[Images for object localization]
···

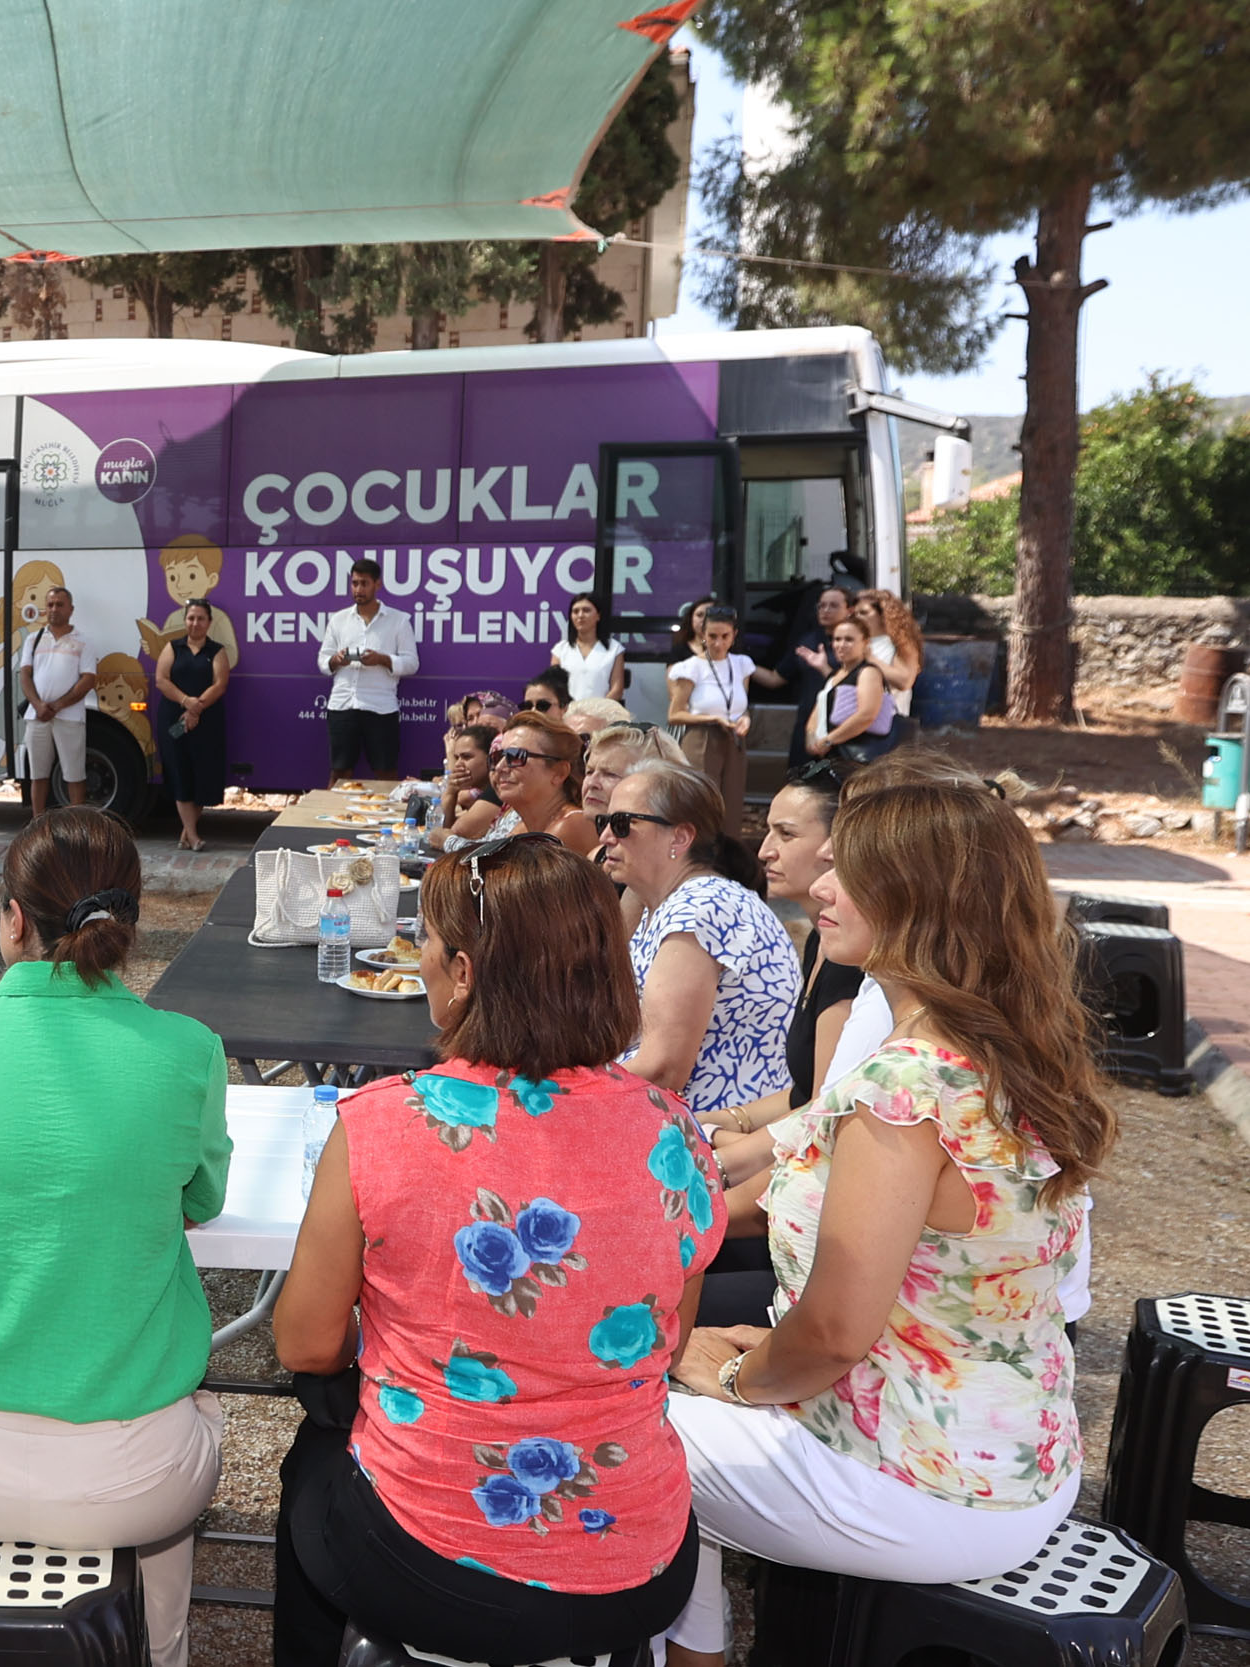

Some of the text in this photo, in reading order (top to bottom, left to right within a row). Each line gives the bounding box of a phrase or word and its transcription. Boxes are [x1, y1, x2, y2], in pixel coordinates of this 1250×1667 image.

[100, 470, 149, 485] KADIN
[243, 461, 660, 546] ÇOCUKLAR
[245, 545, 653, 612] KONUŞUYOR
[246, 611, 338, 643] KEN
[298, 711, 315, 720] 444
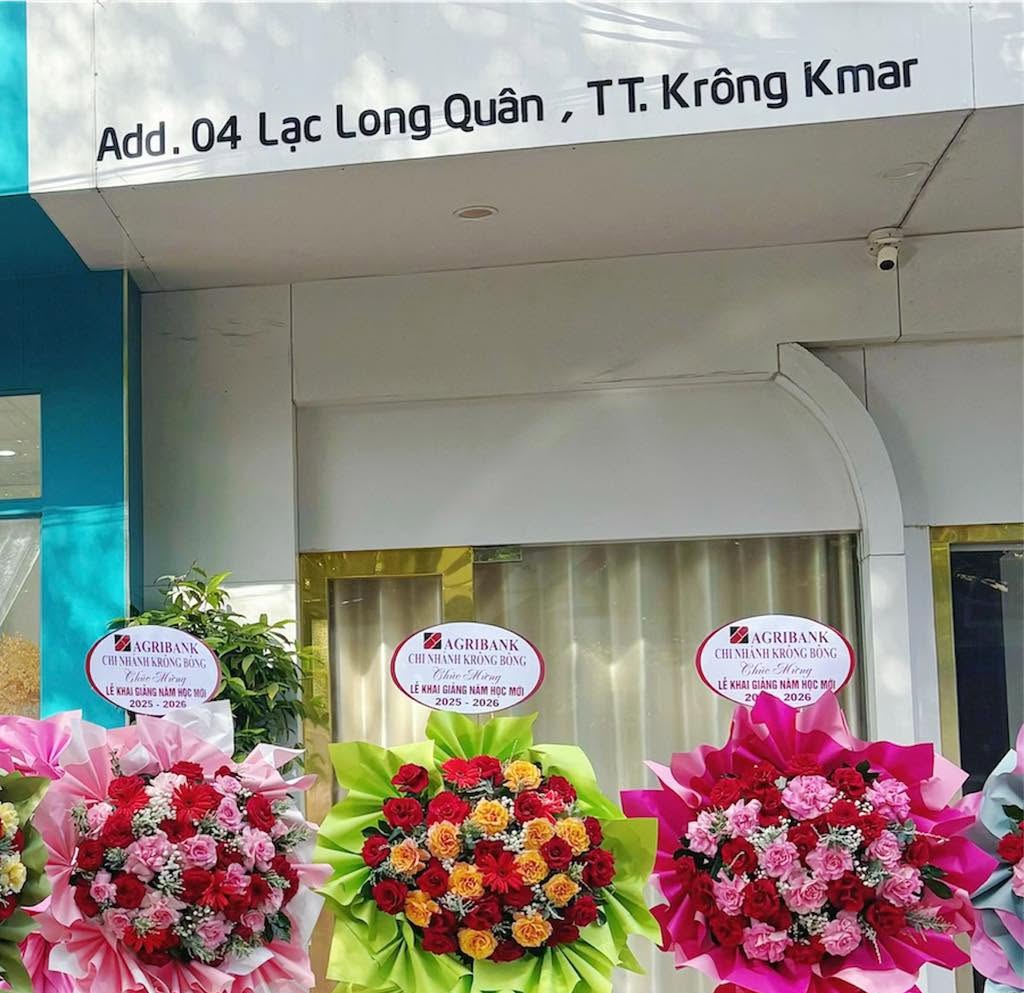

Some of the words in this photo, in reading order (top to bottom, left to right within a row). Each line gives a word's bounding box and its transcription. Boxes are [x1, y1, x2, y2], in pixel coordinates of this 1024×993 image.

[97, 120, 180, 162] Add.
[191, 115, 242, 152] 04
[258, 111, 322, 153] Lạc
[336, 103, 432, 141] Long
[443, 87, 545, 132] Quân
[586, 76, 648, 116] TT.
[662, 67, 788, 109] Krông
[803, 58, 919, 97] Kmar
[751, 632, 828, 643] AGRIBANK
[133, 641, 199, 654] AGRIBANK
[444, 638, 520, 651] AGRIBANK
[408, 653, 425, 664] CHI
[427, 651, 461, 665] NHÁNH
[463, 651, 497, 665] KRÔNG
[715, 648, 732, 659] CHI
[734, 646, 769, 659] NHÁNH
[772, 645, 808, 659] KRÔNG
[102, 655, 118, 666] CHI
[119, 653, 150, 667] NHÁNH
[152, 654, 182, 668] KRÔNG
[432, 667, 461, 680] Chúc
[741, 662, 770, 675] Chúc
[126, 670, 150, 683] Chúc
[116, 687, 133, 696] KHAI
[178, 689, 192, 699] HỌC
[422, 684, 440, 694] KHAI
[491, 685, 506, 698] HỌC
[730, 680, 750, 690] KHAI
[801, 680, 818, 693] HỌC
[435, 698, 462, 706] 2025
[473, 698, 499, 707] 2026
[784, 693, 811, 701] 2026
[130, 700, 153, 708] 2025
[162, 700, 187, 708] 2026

···

| Your instructions |
Copy each line of the records above exactly as written. Do not carry over any picture.

| Your response |
Some of the text in this photo, in reading order (top to bottom, left to right within a row). Each line gives the bounding box of a phrase or word and its transcription. Boxes are [x1, y1, x2, y2], in pixel coordinates of this 1250×1667 image.

[100, 470, 149, 485] KADIN
[243, 461, 660, 546] ÇOCUKLAR
[245, 545, 653, 612] KONUŞUYOR
[246, 611, 338, 643] KEN
[298, 711, 315, 720] 444

Some of the words in this photo, in reading order (top to bottom, left to right within a row). Each line gives a word's bounding box and its transcription. Boxes are [x1, y1, x2, y2], in pixel coordinates of this 1024×993 image.

[97, 120, 180, 162] Add.
[191, 115, 242, 152] 04
[258, 111, 322, 153] Lạc
[336, 103, 432, 141] Long
[443, 87, 545, 132] Quân
[586, 76, 648, 116] TT.
[662, 67, 788, 109] Krông
[803, 58, 919, 97] Kmar
[751, 632, 828, 643] AGRIBANK
[133, 641, 199, 654] AGRIBANK
[444, 638, 520, 651] AGRIBANK
[408, 653, 425, 664] CHI
[427, 651, 461, 665] NHÁNH
[463, 651, 497, 665] KRÔNG
[715, 648, 732, 659] CHI
[734, 646, 769, 659] NHÁNH
[772, 645, 808, 659] KRÔNG
[102, 655, 118, 666] CHI
[119, 653, 150, 667] NHÁNH
[152, 654, 182, 668] KRÔNG
[432, 667, 461, 680] Chúc
[741, 662, 770, 675] Chúc
[126, 670, 150, 683] Chúc
[116, 687, 133, 696] KHAI
[178, 689, 192, 699] HỌC
[422, 684, 440, 694] KHAI
[491, 685, 506, 698] HỌC
[730, 680, 750, 690] KHAI
[801, 680, 818, 693] HỌC
[435, 698, 462, 706] 2025
[473, 698, 499, 707] 2026
[784, 693, 811, 701] 2026
[130, 700, 153, 708] 2025
[162, 700, 187, 708] 2026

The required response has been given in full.